Aim of the exercise:
Without including any image, repeat every record exactly.

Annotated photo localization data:
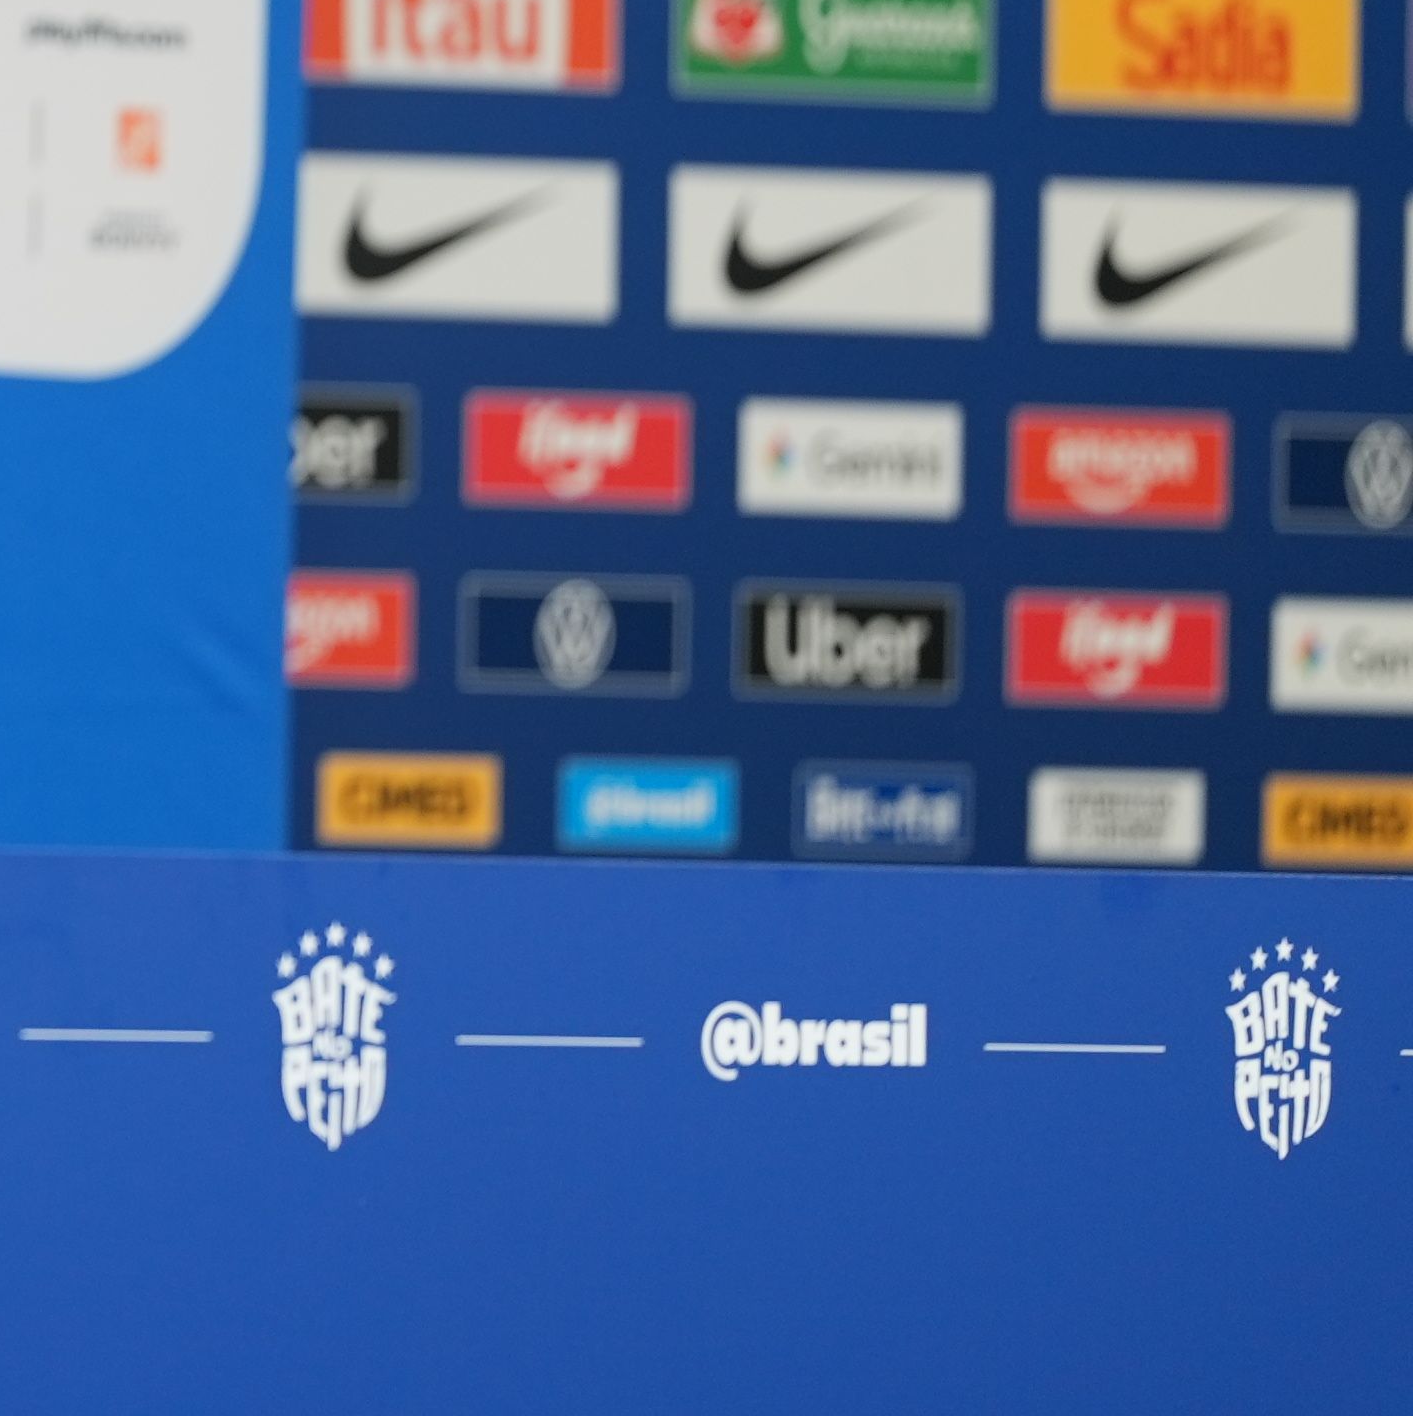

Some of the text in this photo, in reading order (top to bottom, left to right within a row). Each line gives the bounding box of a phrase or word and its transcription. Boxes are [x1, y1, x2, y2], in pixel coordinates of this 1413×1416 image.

[763, 602, 938, 685] Uber
[271, 954, 399, 1046] BATE
[701, 1001, 927, 1081] @brasil
[1224, 970, 1343, 1057] BATE
[1263, 1040, 1300, 1073] NO
[1233, 1057, 1332, 1162] PEITO

Final answer:
Some of the text in this photo, in reading order (top to bottom, left to right within a row). Each line gives the bounding box of a phrase or word and its transcription. Boxes are [x1, y1, x2, y2], in pixel coordinates of this 1413×1416 image.

[763, 602, 938, 685] Uber
[271, 954, 399, 1046] BATE
[701, 1001, 927, 1081] @brasil
[1224, 970, 1343, 1057] BATE
[1263, 1040, 1300, 1073] NO
[1233, 1057, 1332, 1162] PEITO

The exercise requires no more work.